MDL Judge Grants Summary Judgment in All Tylenol Lawsuits Over Autism, ADHD

Court determines that families do not have sufficiently reliable expert witness testimony to convince juries Tylenol use during pregnancy causes ADHD in children.

A U.S. District Judge has ruled that all Tylenol lawsuits brought by families of children diagnosed with attention deficit hyperactivity disorder (ADHD) or autism will be dismissed, after determining that plaintiffs cannot use a “piecemeal” approach to establish that use of acetaminophen during pregnancy causes developmental disorders in children.

Pregnant women have regularly used Tylenol (acetaminophen) during pregnancy for decades, believing that it is safe for unborn children. However, following the publication of various studies in recent years, hundreds of lawsuits have been filed by families nationwide, claiming that prenatal exposure to acetaminophen caused unborn children to develop severe ADHD and autism.

Due to common questions of fact and law raised in complaints brought throughout the federal court system, all Tylenol autism and ADHD lawsuits have been centralized before one judge since October 2022, with U.S. District Judge Denise Cote presiding over all coordinated discovery and pretrial proceedings in the Southern District of New York, as part of a federal multidistrict litigation (MDL).

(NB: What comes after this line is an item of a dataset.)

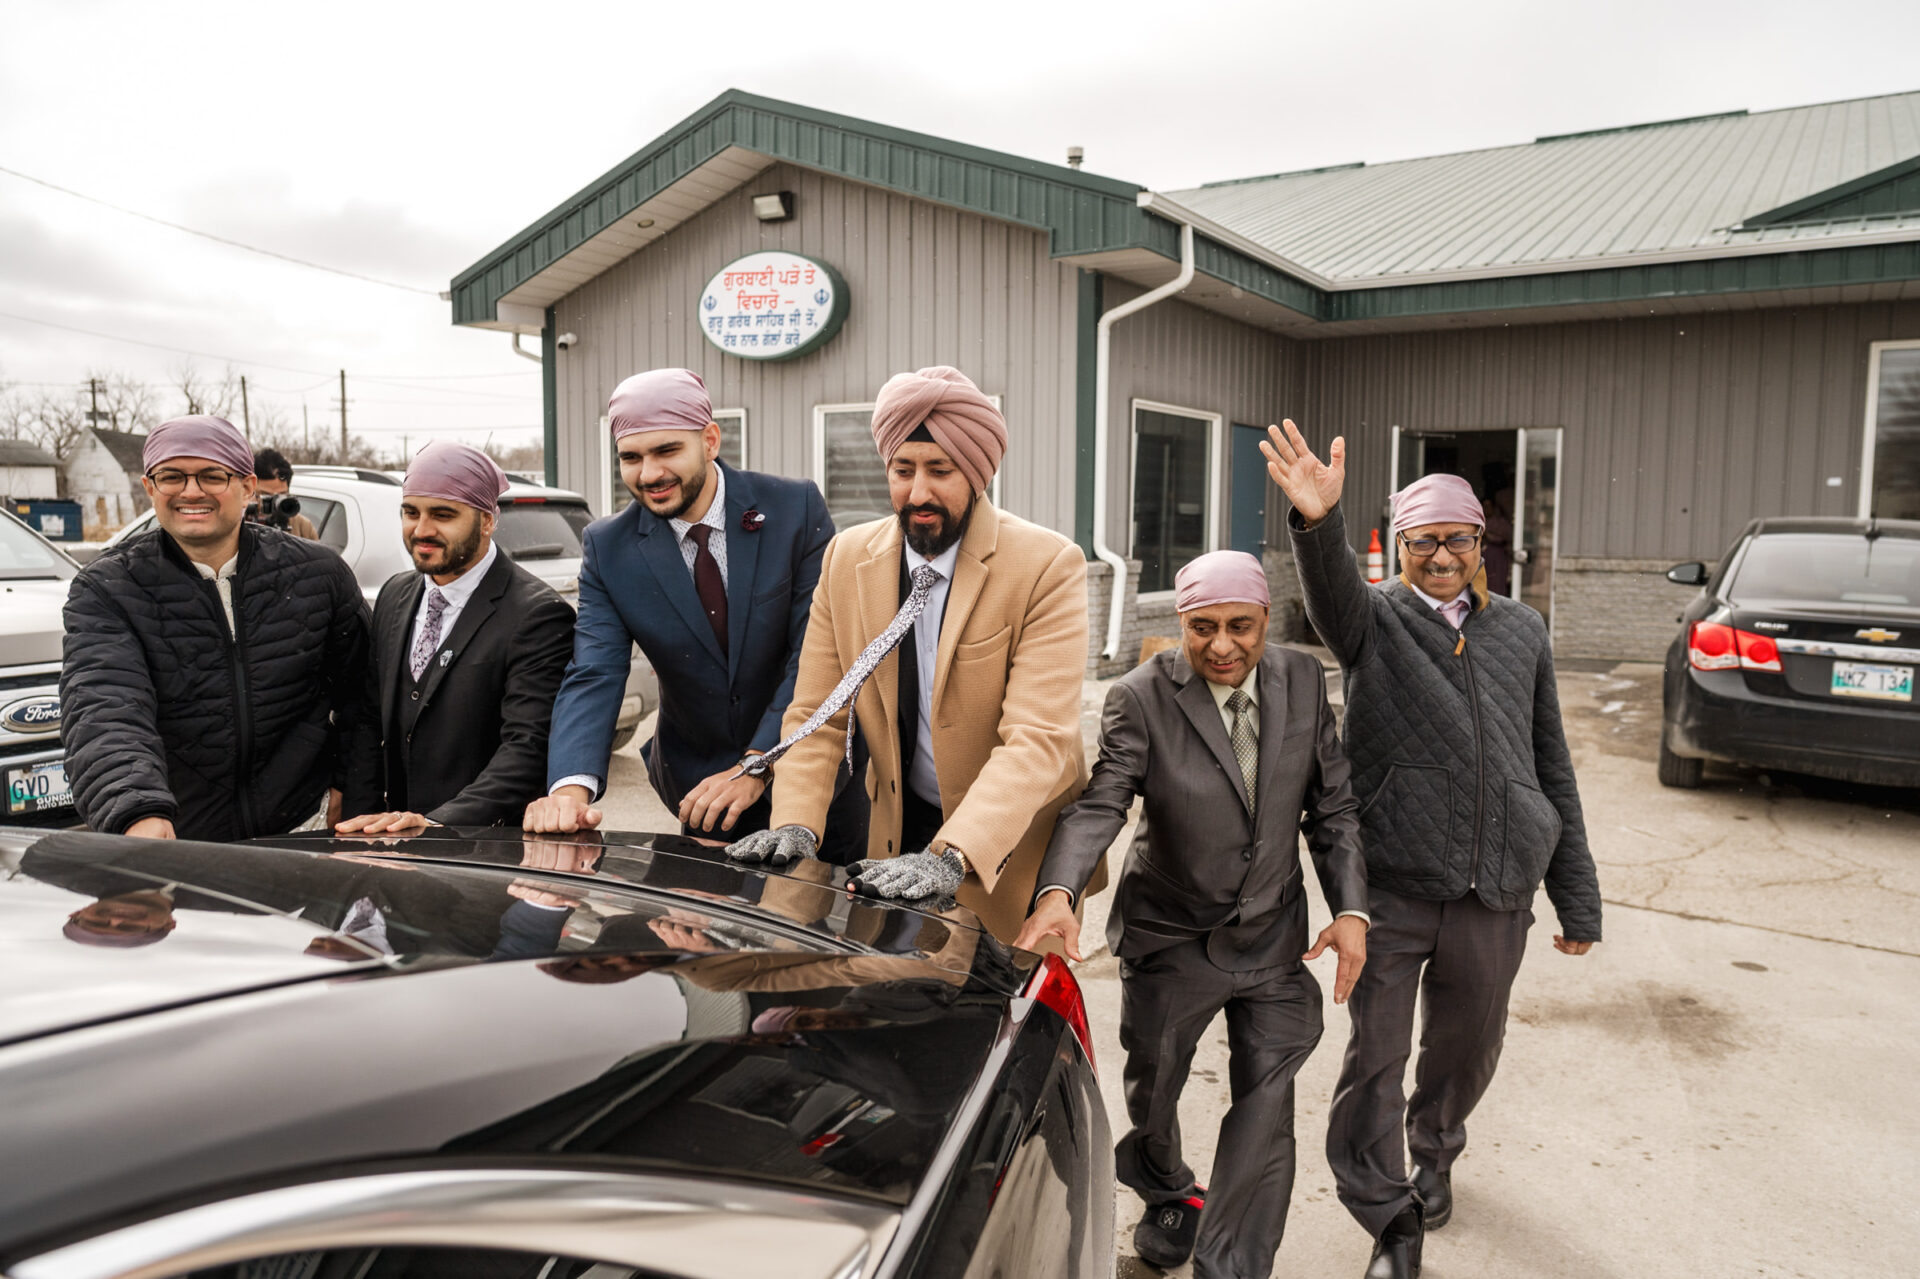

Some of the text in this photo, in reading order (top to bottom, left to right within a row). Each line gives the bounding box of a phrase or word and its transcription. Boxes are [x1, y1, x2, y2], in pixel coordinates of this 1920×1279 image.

However, throughout the process, Judge Cote has rejected expert witness testimony proposed by plaintiffs, which was needed to clear the cases for trial.

In December 2023, Judge Cote issued an order excluding plaintiffs’ expert witnesses from testifying about Tylenol pregnancy side effects, dismissing about 550 claims. However, a number of plaintiffs who filed claims after that date attempted to press on with just the Tylenol ADHD injury claims, indicating they planned on using different expert witnesses to prove the connection between Tylenol and ADHD.

In March, Judge Cote issued a court order allowing plaintiffs who filed Tylenol ADHD lawsuits after January 12, known as the Mota plaintiffs, to present arguments to the court on whether Dr. Roberta B. Ness could serve as an expert witness to establish causation in those cases.

Defendants objected to the use of Dr. Ness, questioning her experience and the evidence she has used to conclude prenatal exposure to acetaminophen causes ADHD or autism. On July 10, Judge Cote agreed, ruling that Dr. Ness could not speak before juries on Tylenol ADHD and autism causation.

In a move that was anticipated after the ruling, Judge Cote issued an opinion and order (PDF) on August 20, granting summary judgment for all defendants in the litigation and directing the clerk to dismiss all remaining lawsuits pending in the MDL.

“Plaintiffs in this MDL have presented six experts to opine that prenatal exposure to acetaminophen can cause ADHD and/or ASD,” Judge Cote wrote. “The Court carefully considered each expert’s proffered testimony and determined, in two separate opinions, that none of these experts presented reliable testimony on general causation.”

Judge Cote indicated that the dismissal of expert witnesses has left plaintiffs with a piecemeal approach to present causation arguments to juries, which she said was insufficient to justify allowing the claims to move forward.

It is likely that plaintiffs will appeal this latest ruling, as they are appealing the previous summary judgment. However, unless they are able to convince a higher court that the expert witnesses were improperly excluded from testifying, the latest ruling will likely spell the end of Tylenol ADHD and autism lawsuits at the federal level.